:: WORK TASK ::
Copy each record below faithfully, leaving out images.

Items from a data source
——

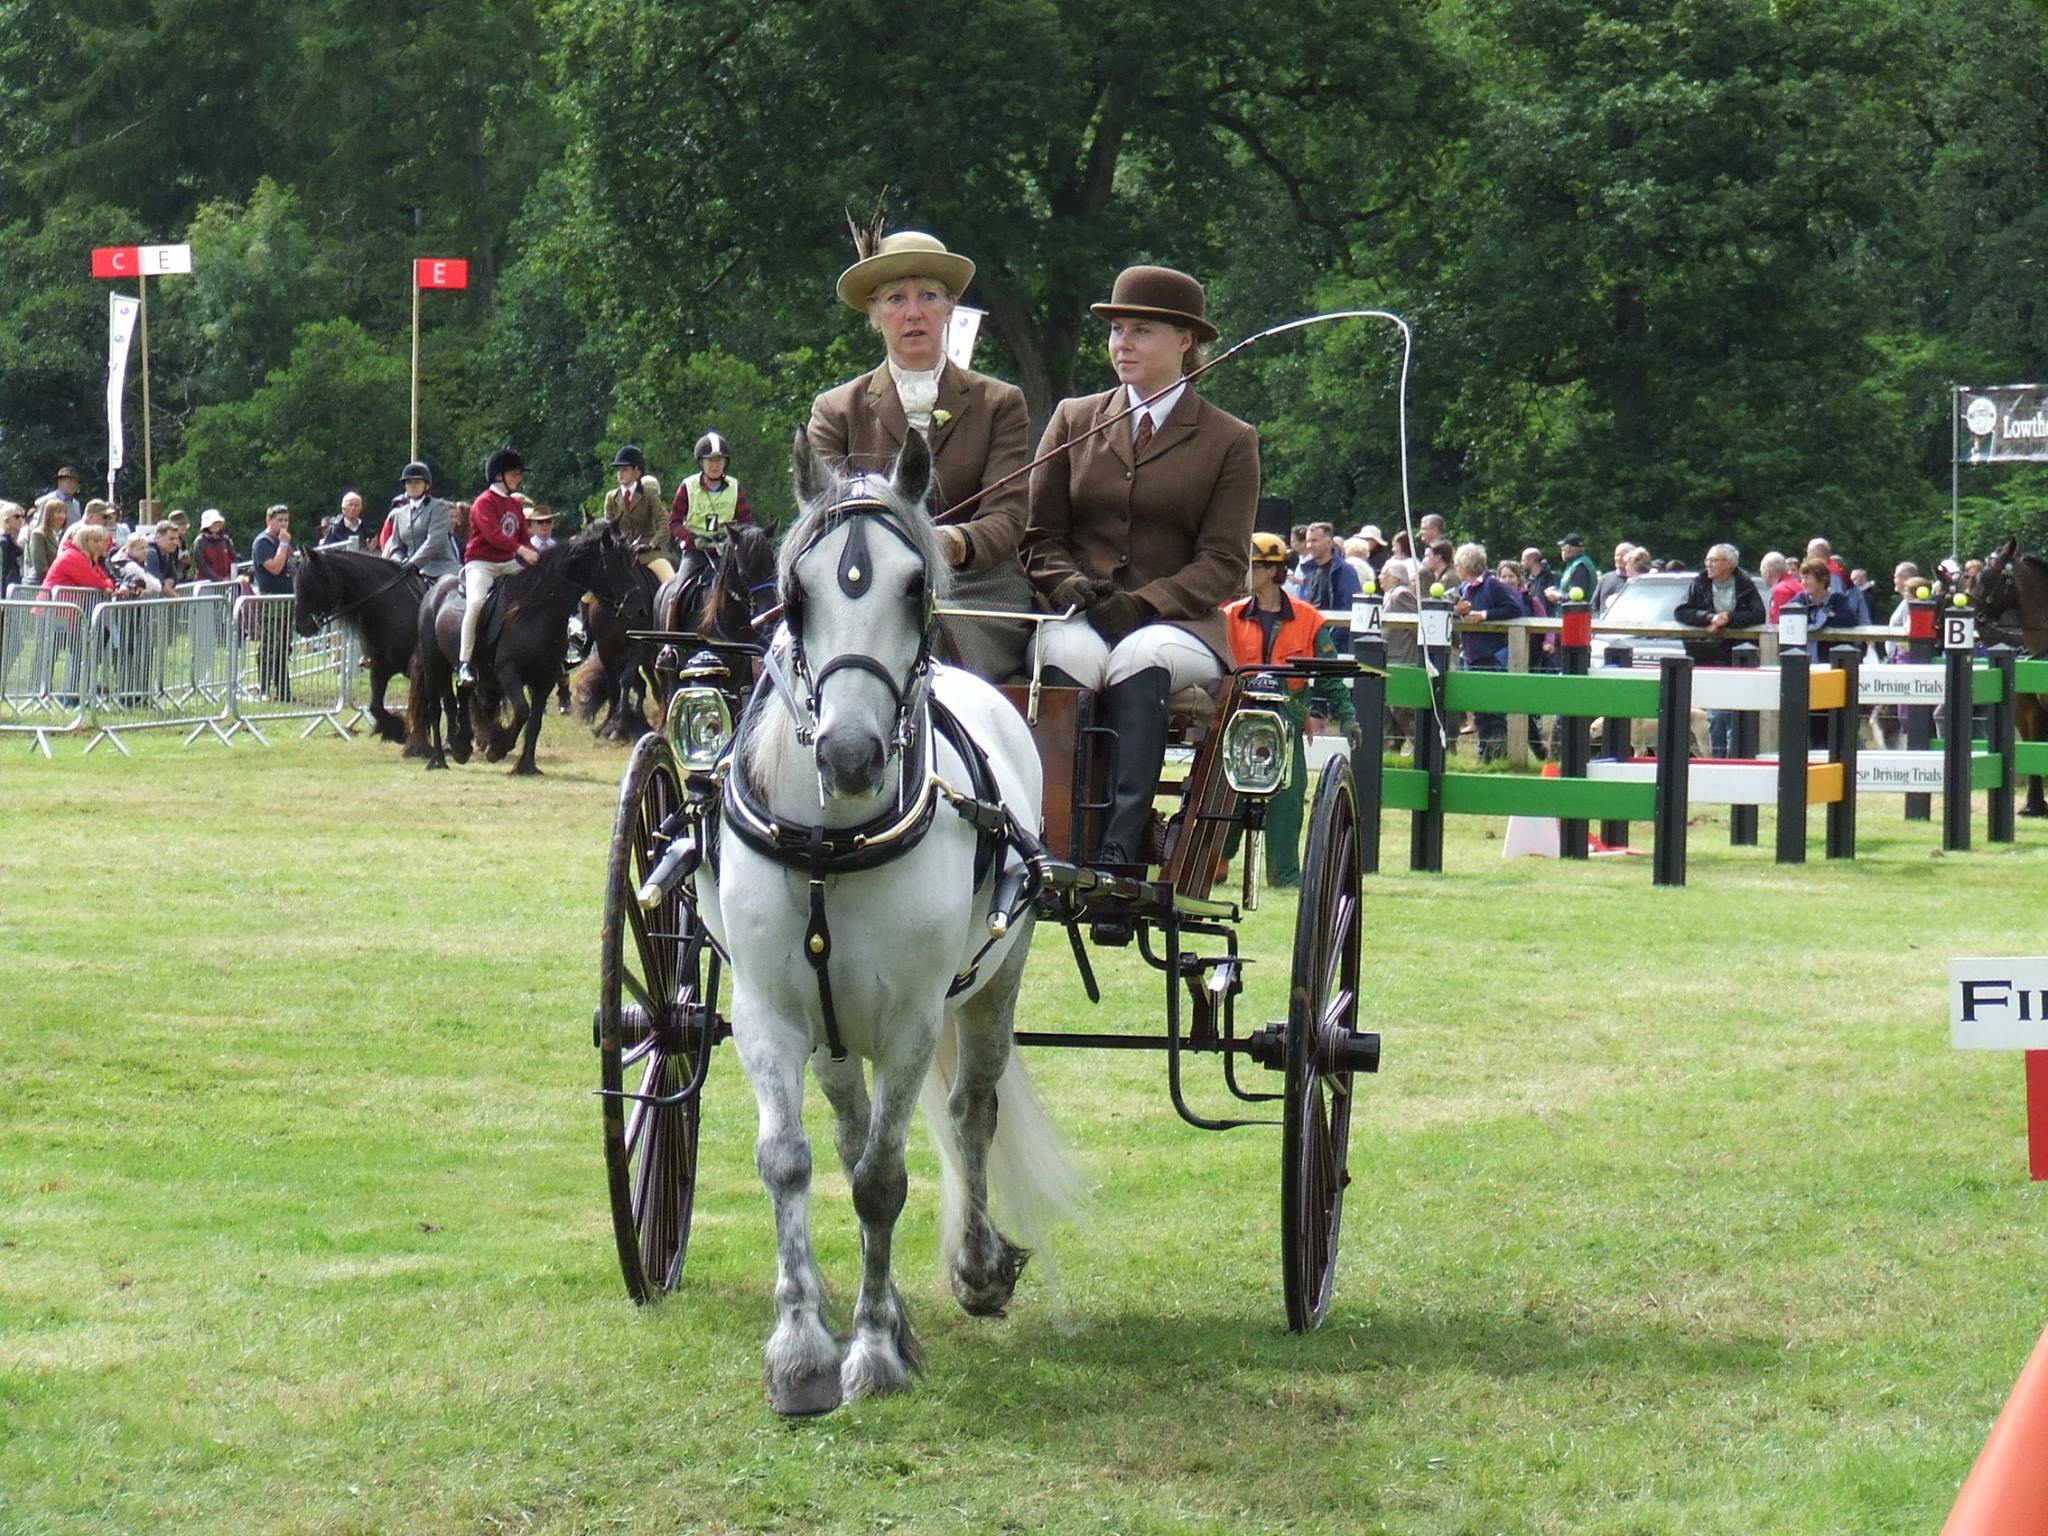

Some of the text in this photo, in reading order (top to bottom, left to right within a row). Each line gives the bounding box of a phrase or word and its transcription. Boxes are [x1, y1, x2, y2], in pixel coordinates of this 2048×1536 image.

[112, 253, 124, 270] C
[159, 250, 170, 269] E
[433, 262, 446, 284] E
[2003, 411, 2048, 438] Lowth
[707, 515, 717, 531] 7
[1368, 606, 1381, 629] A
[1949, 620, 1965, 644] B
[1858, 679, 1943, 696] se Driving Trials
[1872, 767, 1910, 784] Driving
[1912, 767, 1942, 781] Trials
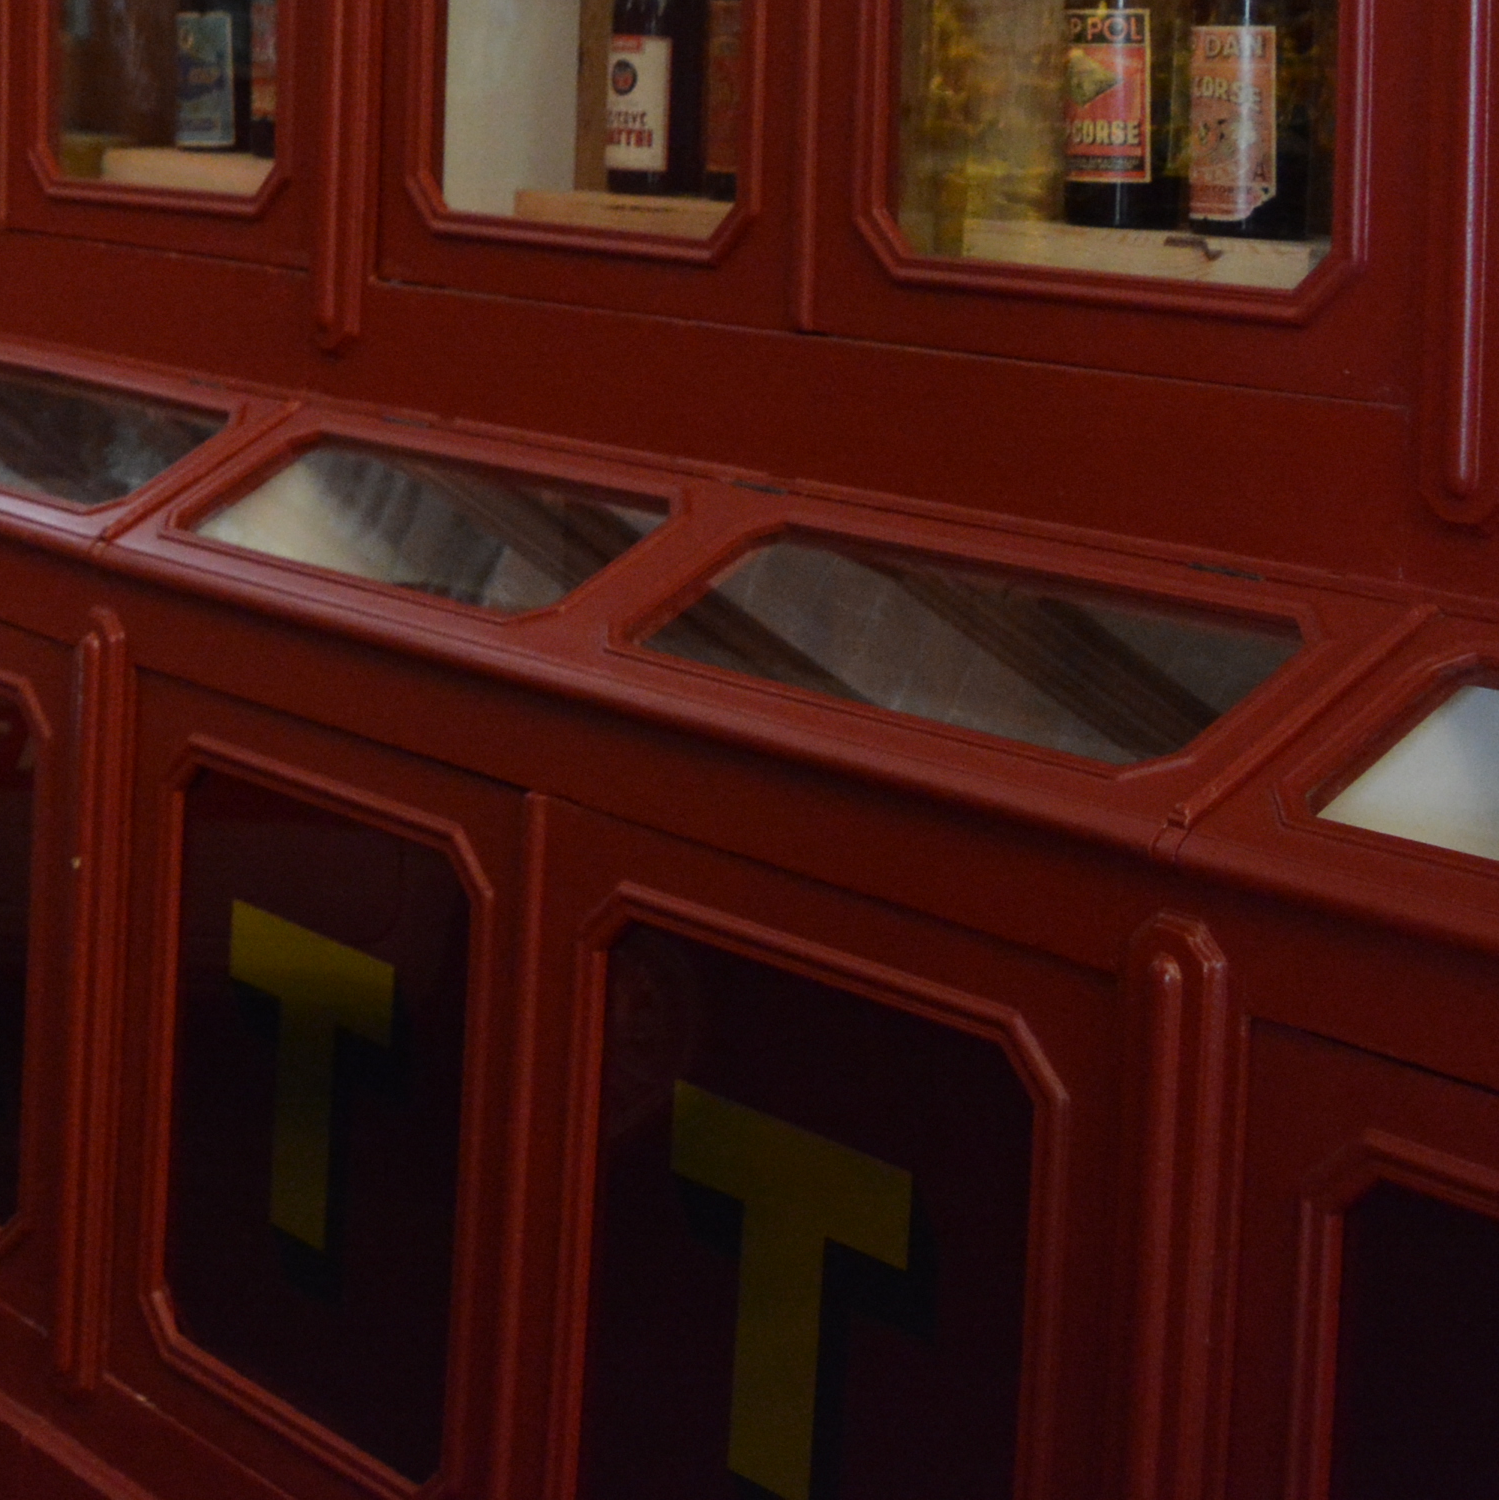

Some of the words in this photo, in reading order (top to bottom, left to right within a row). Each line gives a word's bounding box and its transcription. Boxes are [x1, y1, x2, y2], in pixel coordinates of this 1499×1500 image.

——

:: TASK SOLUTION ::
Some of the text in this photo, in reading order (top to bottom, left to right within a row). Each line gives the bounding box of a phrase or word and its transcription. Boxes are [x1, y1, x2, y2], in pixel coordinates of this 2048×1536 image.

[112, 253, 124, 270] C
[159, 250, 170, 269] E
[433, 262, 446, 284] E
[2003, 411, 2048, 438] Lowth
[707, 515, 717, 531] 7
[1368, 606, 1381, 629] A
[1949, 620, 1965, 644] B
[1858, 679, 1943, 696] se Driving Trials
[1872, 767, 1910, 784] Driving
[1912, 767, 1942, 781] Trials

Some of the words in this photo, in reading order (top to bottom, left to right within a row). Each line gives a word's bounding box and its transcription. Boxes are [x1, y1, x2, y2], in pixel coordinates of this 1499×1500 image.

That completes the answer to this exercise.